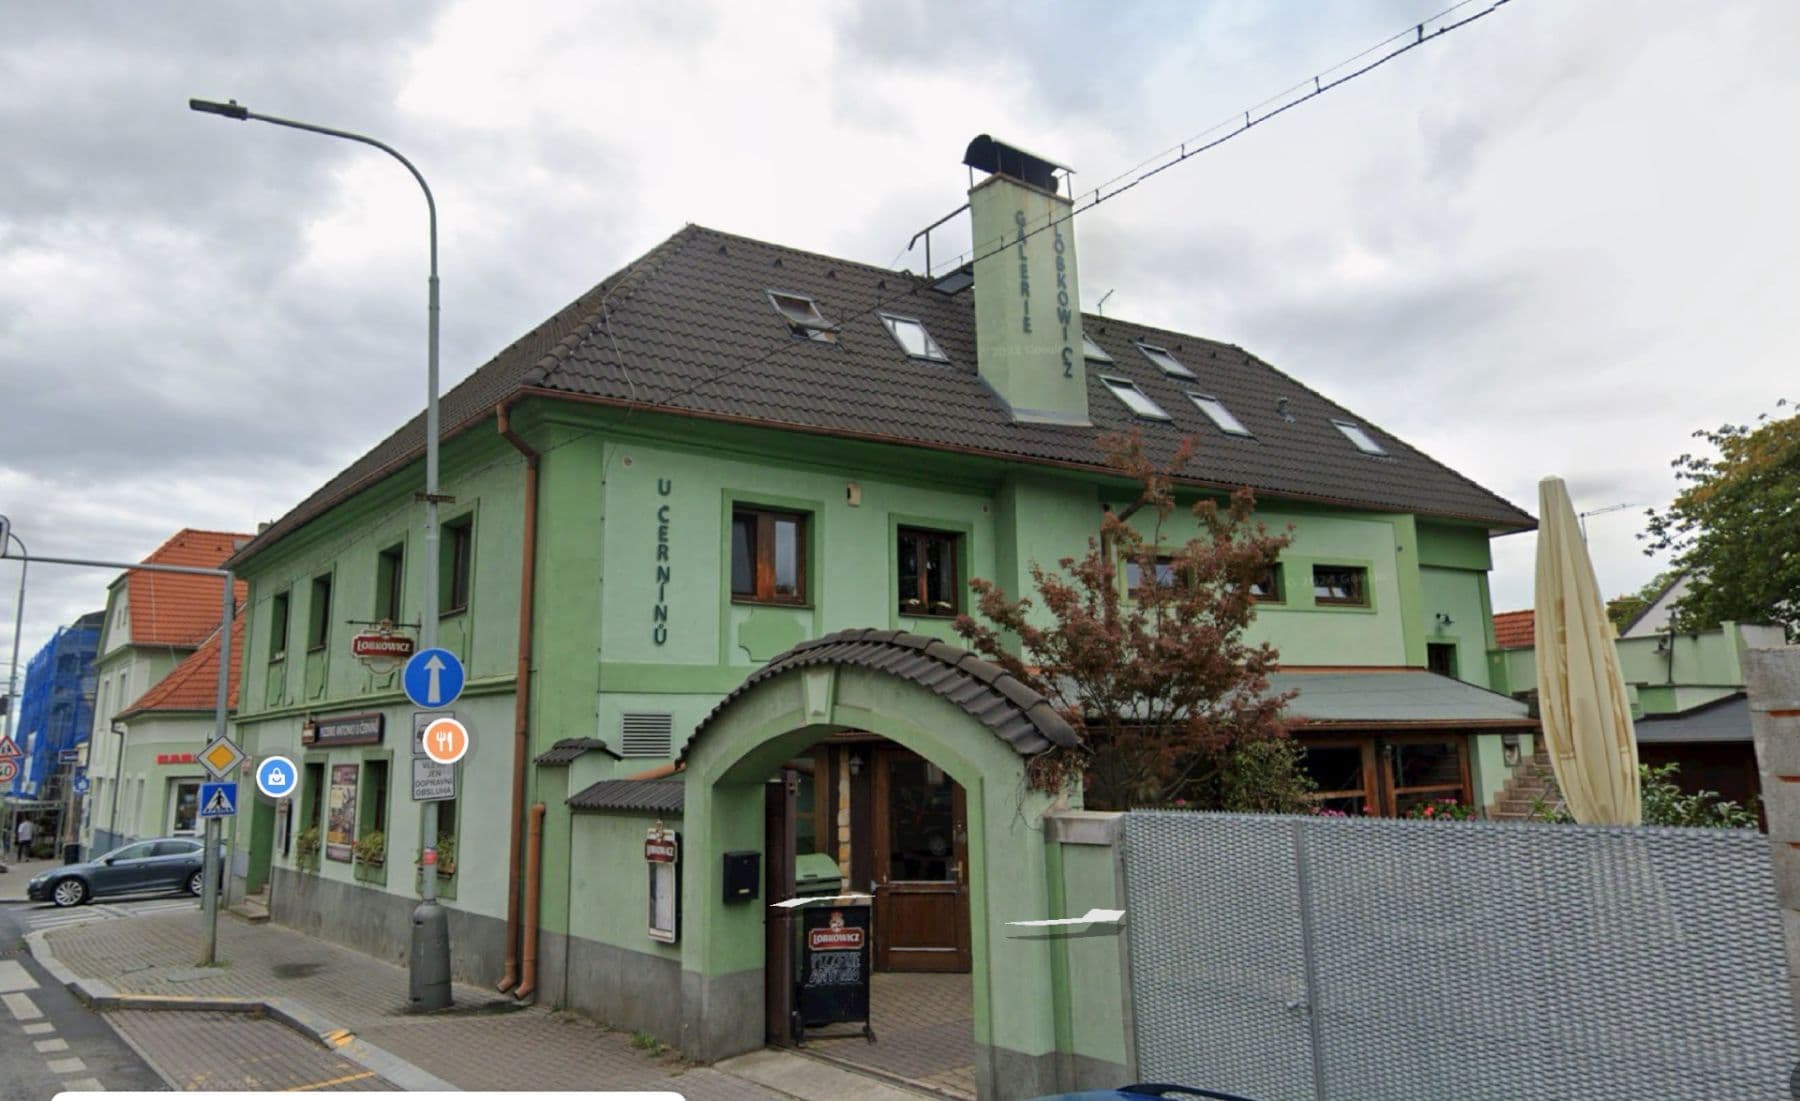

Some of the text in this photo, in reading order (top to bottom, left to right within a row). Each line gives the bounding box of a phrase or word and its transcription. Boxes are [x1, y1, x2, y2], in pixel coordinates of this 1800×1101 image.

[1016, 210, 1032, 334] GALERIE
[1054, 223, 1073, 378] LOBKOWICZ
[658, 478, 671, 496] U
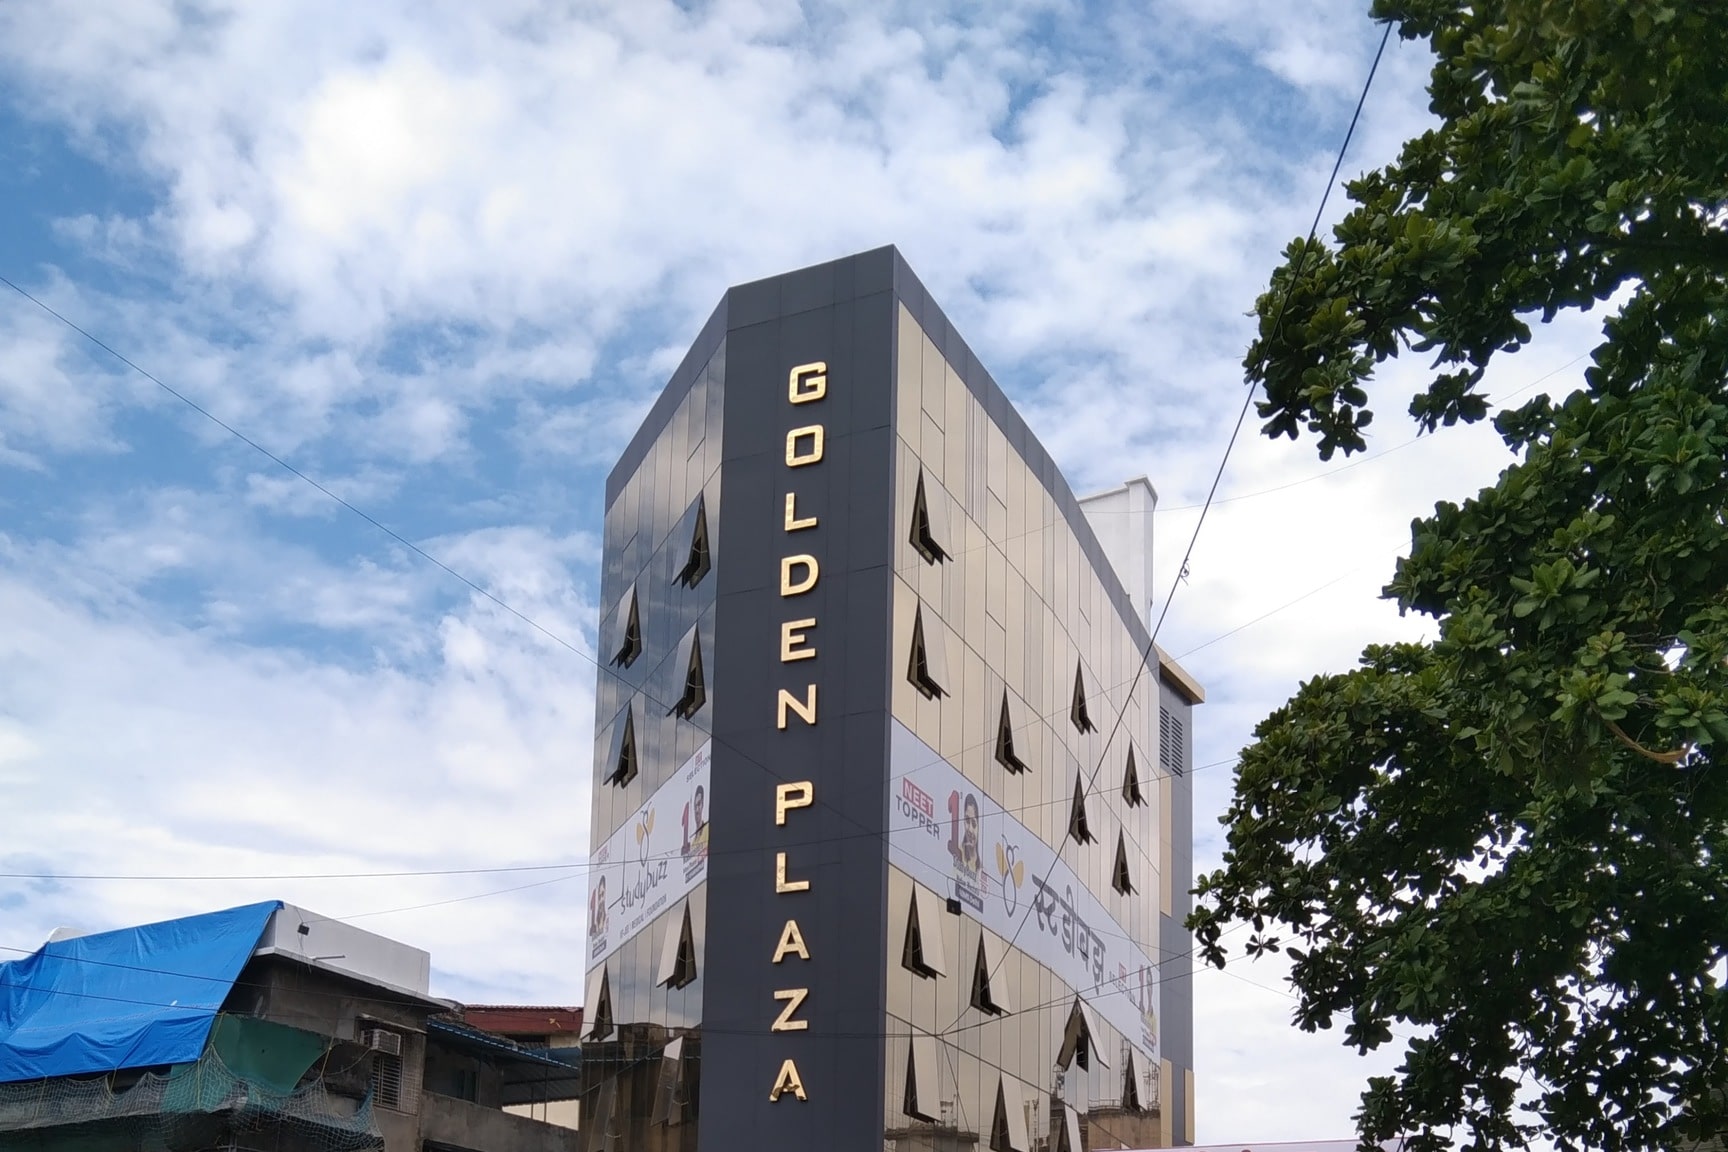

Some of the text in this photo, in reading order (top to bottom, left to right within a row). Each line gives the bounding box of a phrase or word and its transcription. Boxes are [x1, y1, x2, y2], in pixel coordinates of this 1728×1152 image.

[777, 361, 828, 730] GOLDEN
[895, 795, 940, 840] TOPPER
[904, 779, 933, 818] NEET
[769, 780, 814, 1102] PLAZA
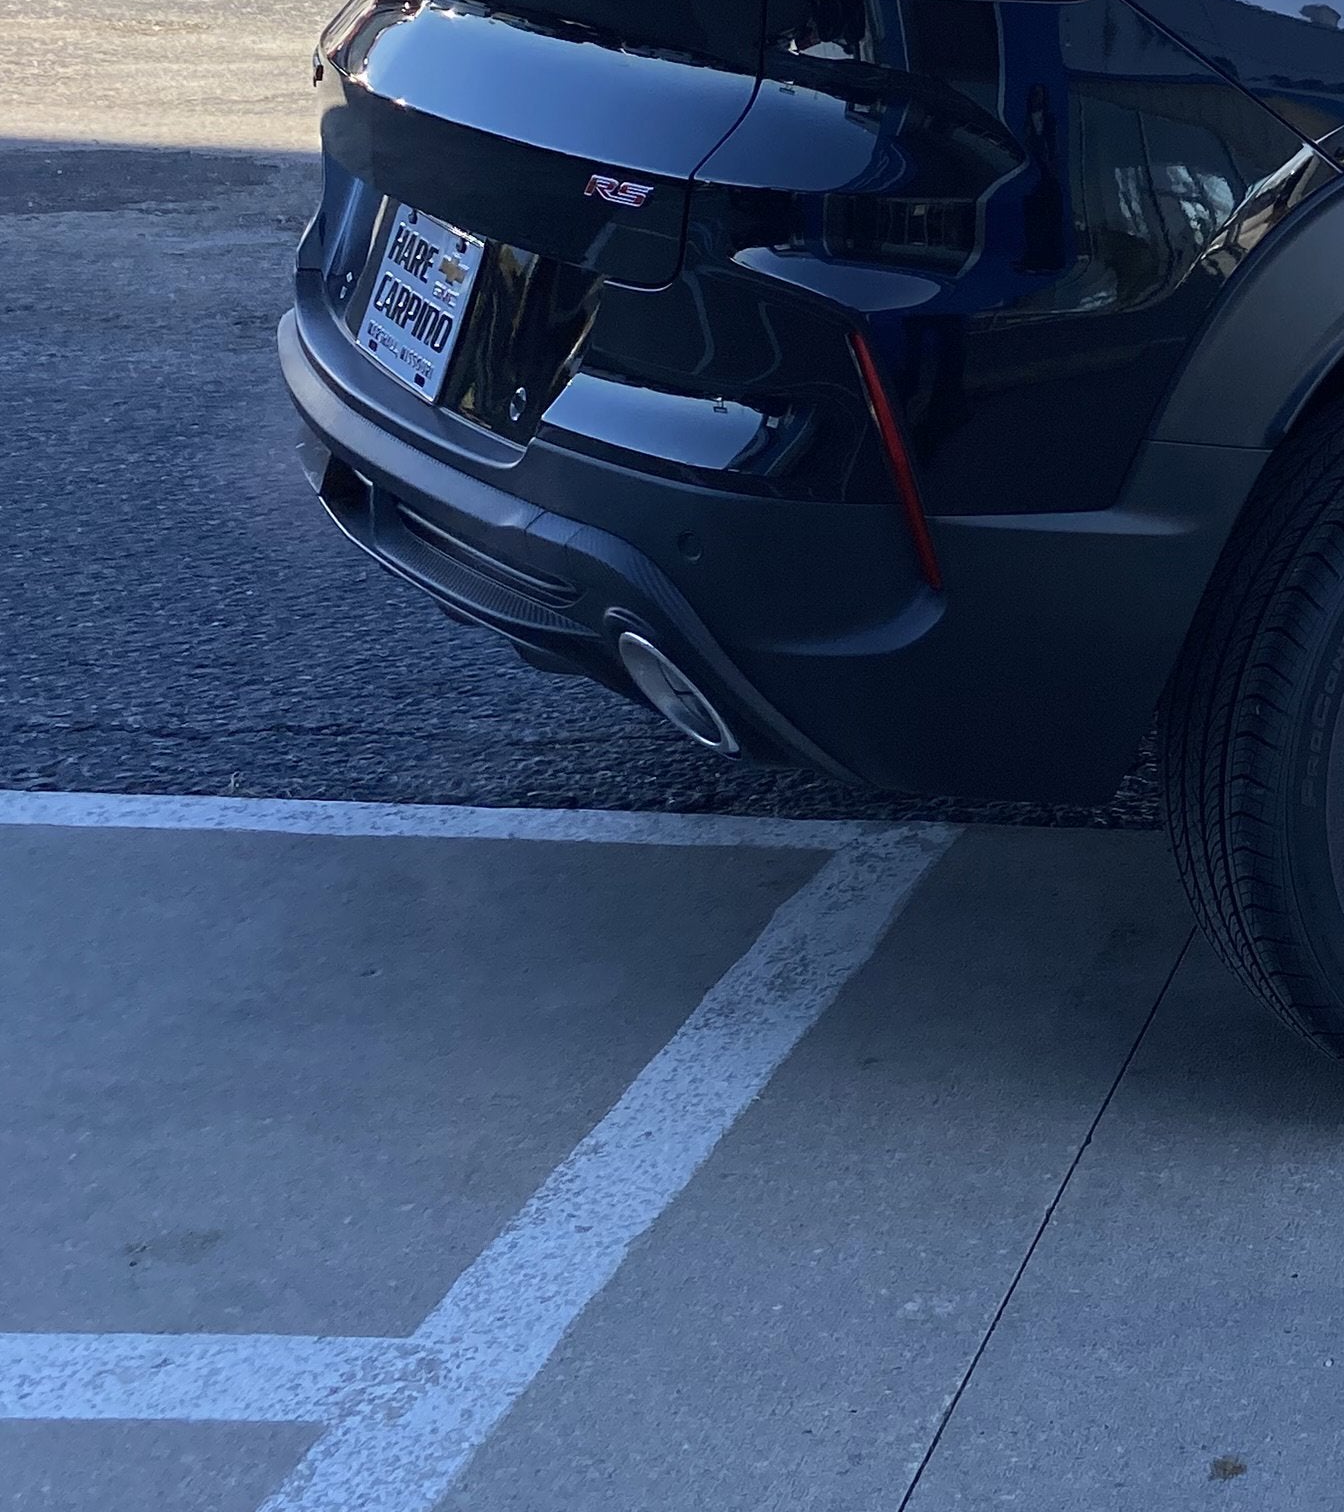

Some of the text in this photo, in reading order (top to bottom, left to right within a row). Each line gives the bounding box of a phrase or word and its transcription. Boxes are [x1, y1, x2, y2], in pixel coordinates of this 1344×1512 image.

[583, 174, 654, 207] RS
[387, 221, 440, 284] HARE
[373, 271, 454, 354] CARPINO
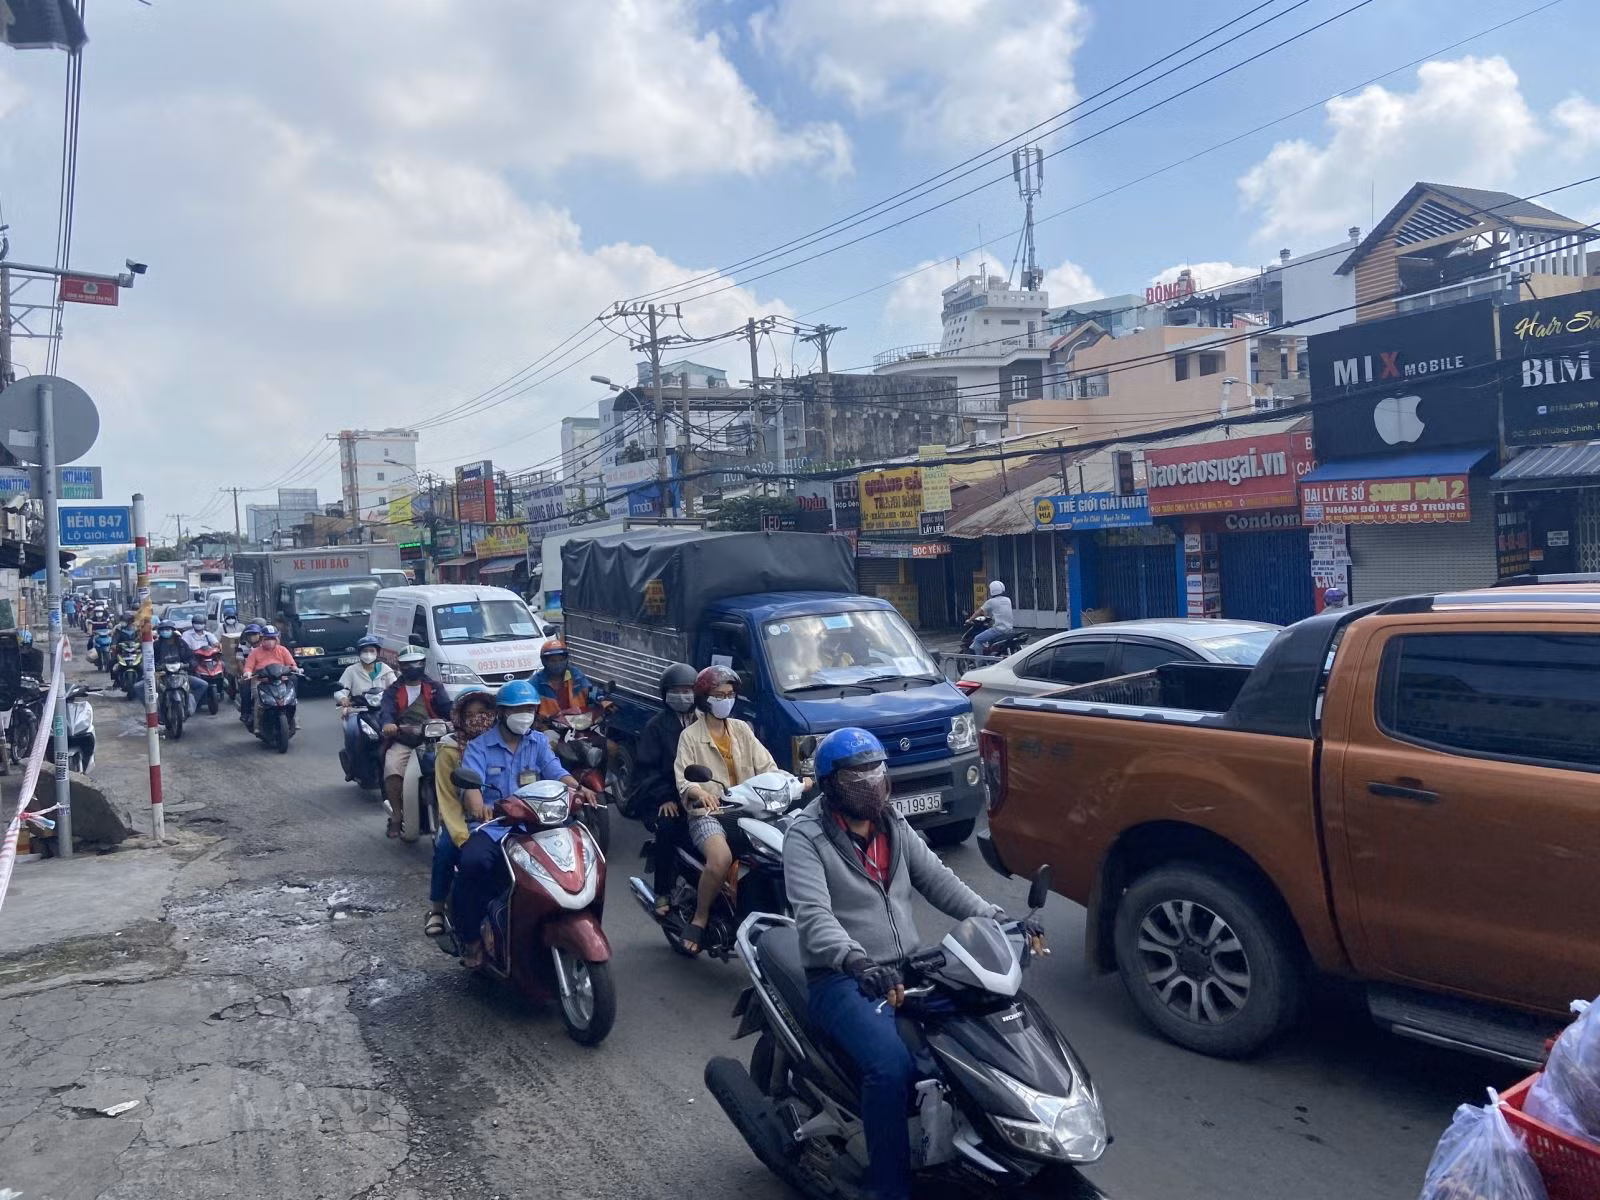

----------

# Work to be completed:
Reproduce each record from above exactly; pictures do not belong in the copy.

# Response to the task:
Some of the text in this photo, in reading order (top to bottom, left to right within a row). Each line gives the bounding box of a phrase or word and its transcription. Boxes are [x1, y1, x2, y2], in pixel coordinates of this 1800×1101 image.

[1016, 210, 1032, 334] GALERIE
[1054, 223, 1073, 378] LOBKOWICZ
[658, 478, 671, 496] U

Some of the text in this photo, in reading order (top to bottom, left to right within a row). Each line gives the bounding box of a phrase or word and its transcription. Boxes are [x1, y1, x2, y2], in pixel coordinates of this 1728×1152 image.

[777, 361, 828, 730] GOLDEN
[895, 795, 940, 840] TOPPER
[904, 779, 933, 818] NEET
[769, 780, 814, 1102] PLAZA

Some of the text in this photo, in reading order (top to bottom, left to right within a row). Each line gives the bounding box of a phrase or word and its transcription. Boxes are [x1, y1, x2, y2], in pixel coordinates of this 1344×1512 image.

[583, 174, 654, 207] RS
[387, 221, 440, 284] HARE
[373, 271, 454, 354] CARPINO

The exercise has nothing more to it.